That we know this much technical detail is a minor miracle, for Heracross’ primary sources fail us completely. Take Pokemon.co.jp, which looks to have had the scoop with an event announcement on August 10. A surviving headline bears witness to it, reading: “At the Pokémon Daisuki Club, GTS exchange with American trainers!” What’s supremely frustrating, however, is how this hugely promising article wasn’t archived. The Wayback crawler skipped it on a first pass, and by the time it returned to take a full(er) snapshot of the Pokémon news archive, the event was over and the page had been taken down. This is an eternal pity, for the article included a video featuring NoA’s Seth, pitching Heracross directly to the Japanese audience by, presumably, speaking in Japanese. I’ve searched high and low for this video, to no avail. If anyone has it, or knows where to find it, please get in touch.21 “ポケモンだいすきクラブで、GTSを使ってアメリカのトレーナーとポケモン交換しちゃおう!”, on its erstwhile URL: http://www.pokemon.co.jp/info/hotnews/n070810_01.html

Naturally, the Daisuki Club itself also put out a more detailed newspiece, most likely on August 17 and possibly concurrent with the Creator Psyduck announcement over on Pokémon-games.com.22Per 2channel’s Daisuki Thread #20, Post 696 & 697:
http://jump.5ch.net/?www.pokemon.jp/portal/html/access/count30.html; and https://www.pokemon.jp/portal/html/access/count30.html
This particular text covered exchange specifics and who knows what else – as we discussed at length in the “mini-Daisuki” article, all the Club’s content was shielded by a login portal and therefore not archived (either). Any coverage on Nintendo.com was lost due to the website running on Flash, which was incompatible with archival trawlers of the time.

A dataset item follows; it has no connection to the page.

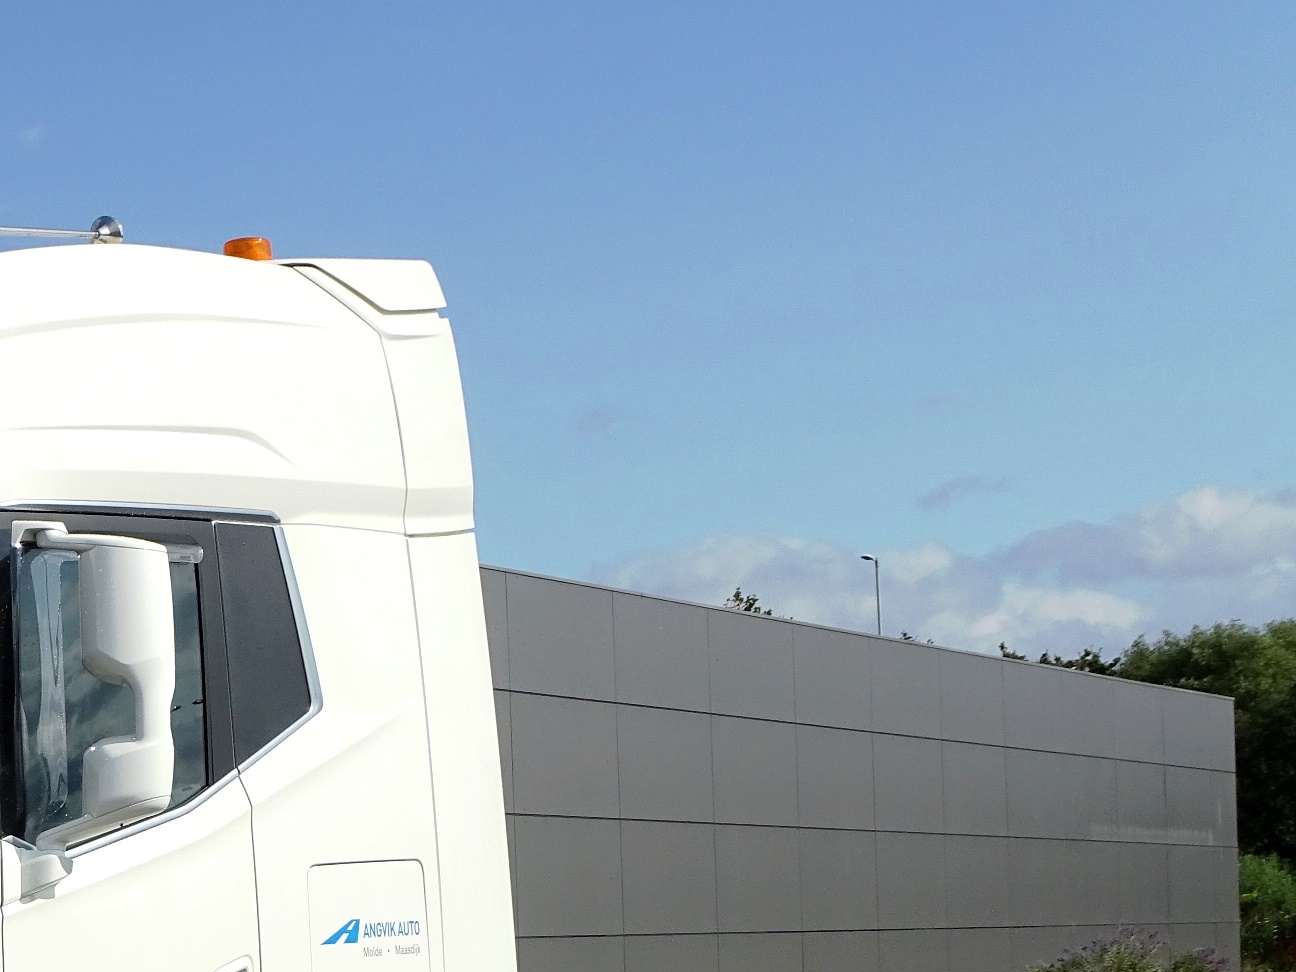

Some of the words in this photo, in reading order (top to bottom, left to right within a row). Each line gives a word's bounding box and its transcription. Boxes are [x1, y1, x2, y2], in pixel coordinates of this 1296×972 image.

Right. So, with official sources wiped off the face of the internet, perhaps the (in)famous Japanese 2channel forums will help us capture the mood of the Heracross distribution. And certainly, discussion of the event occupied a good chunk of Daisuki Thread #20.23 Find it here: http://game11.5ch.net/test/read.cgi/poke/1185955630/?v=pc Just one day into the distribution, on August 21, the first mention of a possibly authentic Tom Heracross was made. Poster 677 provided details of a “Tom” Heracross with Glass Mail (グラスメール), and shared the Mail template to boot. Unfortunately, it was quickly identified as an elaborate forgery. The Heracross’ attached message followed a template that made little sense, did not exclusively contain Pokémon names,24 In particular, the Mail’s final stanza was incompatible with the Daisuki mold: “この ○○○ は, ○○○ でしょ!” or “This () is (), isn’t it?”, translated to English EasyChat and was composed on Glass Mail rather than Brick Mail. Poster 689 shared another fake Mail attached to an equally fake Heracross. Poster 720 received a Seth Heracross with Mail that named only Pokémon, but the input on the Daisuki site failed – his stagbeetle held spoofed Tunnel Mail, not the official Brick Mail. Poster 747 even got a counterfeit Tom with rare Mosaic Mail, a variety unobtainable by normal means.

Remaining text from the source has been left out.